Hungary Says Spilled Toxic Red Sludge's Arsenic Content Exceeded Limit
The arsenic content of the toxic sludge released in Hungary when a reservoir burst last week exceeded the limit for such waste in the vicinity of the wall breach, the Hungarian Academy of Science said today.
The collapse of the wall on Oct. 4 unleashed a torrent of toxic material on nearby villages that eventually reached the Danube through local waterways. The number of people killed by the toxic waste reached nine after a victim died in the hospital today, the country’s emergency service said on its website.
Scientists are continuing tests to determine the reason for the elevated arsenic content, the academy in Budapest said in an e-mailed statement today. The waste material’s content of cadmium, chromium, mercury, nickel, lead and zinc was within the limit, according to the statement.
“Water reserves aren’t directly threatened by the toxic material as not even the most hazardous heavy metals contained in the sludge seeped deeper than 10 centimeters into the ground,” the academy said.
An aerial photo of the reservoir, taken by the Hungarian company Interspect on June 11, showed a leak at the northern wall of the reservoir, the environmental group WWF Hungary said on its website. The company, which specializes in aerial photography, shared the photo with universities and environmental groups, Interspect director Gabor Bako told the Associated Press.

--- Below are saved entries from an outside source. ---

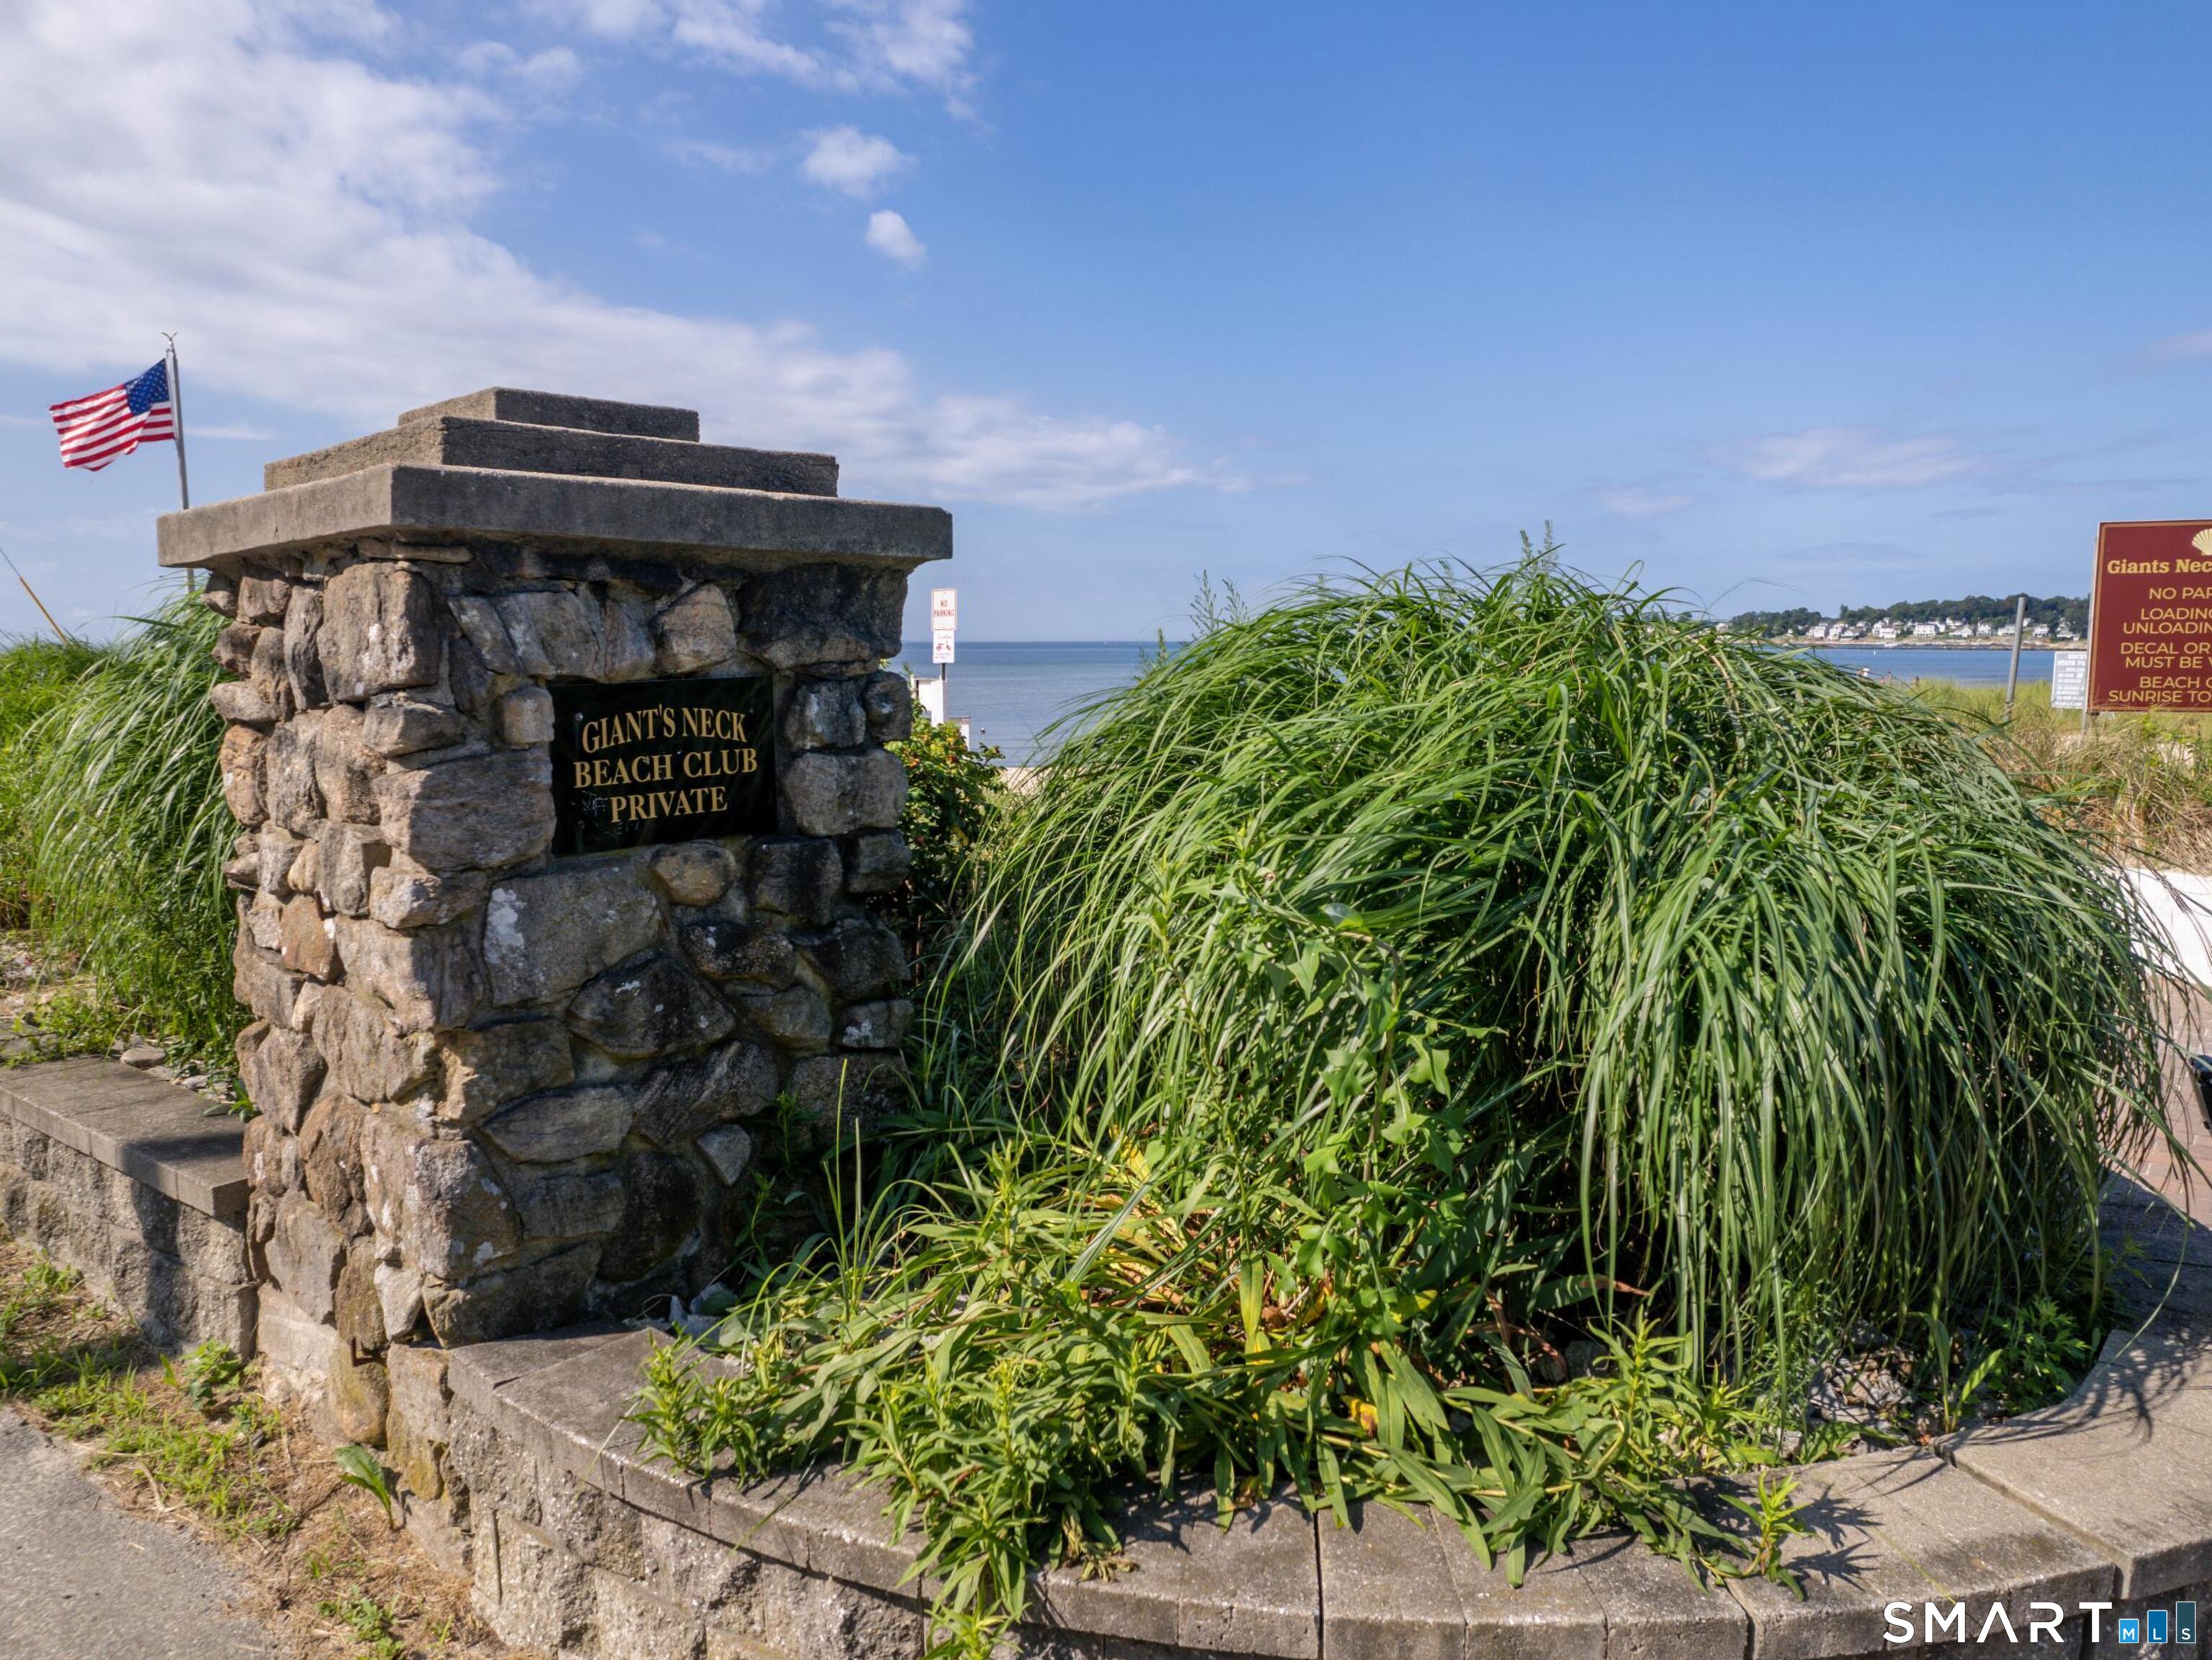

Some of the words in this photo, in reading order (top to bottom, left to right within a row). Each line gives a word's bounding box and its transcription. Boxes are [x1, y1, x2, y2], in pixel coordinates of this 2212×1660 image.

[2107, 560, 2170, 574] Giants
[2149, 587, 2177, 599] NO
[2121, 642, 2179, 655] DECAL
[2184, 642, 2211, 654] OR
[2125, 656, 2175, 669] MUST
[2180, 656, 2203, 669] BE
[2139, 677, 2200, 689] BEACH
[2108, 690, 2183, 703] SUNRISE
[2188, 690, 2212, 702] TO
[582, 704, 675, 754] GIANT'S
[681, 708, 748, 743] NECK
[573, 754, 674, 789] BEACH
[683, 748, 758, 778] CLUB
[609, 786, 728, 824] PRIVATE

Hungary’s government has no evidence of the toxic sludge reservoir that burst last week having leaked before the spill, disaster commissioner Gyorgy Bakondi told Bloomberg News in Veszprem, Hungary today.

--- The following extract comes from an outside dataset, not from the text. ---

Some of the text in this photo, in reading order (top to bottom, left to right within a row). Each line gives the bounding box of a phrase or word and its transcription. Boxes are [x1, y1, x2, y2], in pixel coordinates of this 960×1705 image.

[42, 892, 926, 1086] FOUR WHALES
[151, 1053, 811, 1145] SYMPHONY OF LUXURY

The government’s environmental agency examined the reservoir two weeks before the accident and found everything in order, AP said. Police are scrutinizing the photo as part of an investigation into the causes of the accident, according to AP.
There has been no shift at the endangered section of the reservoir wall and two of three dikes planned to contain a potential new spill have been completed, according to the government’s website. The third is being elevated, it said.
The worst-hit towns of Kolontar and Devecser, about 160 kilometers (100 miles) southwest of Budapest, are now safe because of the dikes, Interior Minister Sandor Pinter told reporters in nearby Veszprem today.
Workers at Magyar Aluminium Zrt., the alumina plant that owns the reservoir, testified against Zoltan Bakonyi, the detained top executive at the company, also known as Mal, Nepszabadsag said.
Investigators have more than 20 statements against Bakonyi, including from other executives, which claim that he had been aware of the diluted sludge seeping through the wall of the reservoir, the Budapest-based newspaper said, without citing anyone. A court in the town of Veszprem will decide today on the potential extension of Bakonyi’s detention, a spokeswoman for the court told Bloomberg News.
Lajos Tolnay, Mal’s chairman and 40 percent owner, said the accident was caused by “an unpreventable outside force, that is, the outcome of conditions in nature,” Figyelo reported. Mal staff followed all the regulations governing sludge storage, he said in an interview with the Budapest-based weekly, to be published tomorrow.
The government has excluded the possibility of the accident having been a result of natural causes and “could only have been a human or technological error,” Bakondi said in Veszprem today. Mal may resume production tomorrow or Friday after the state took control of the company and froze its assets, he said.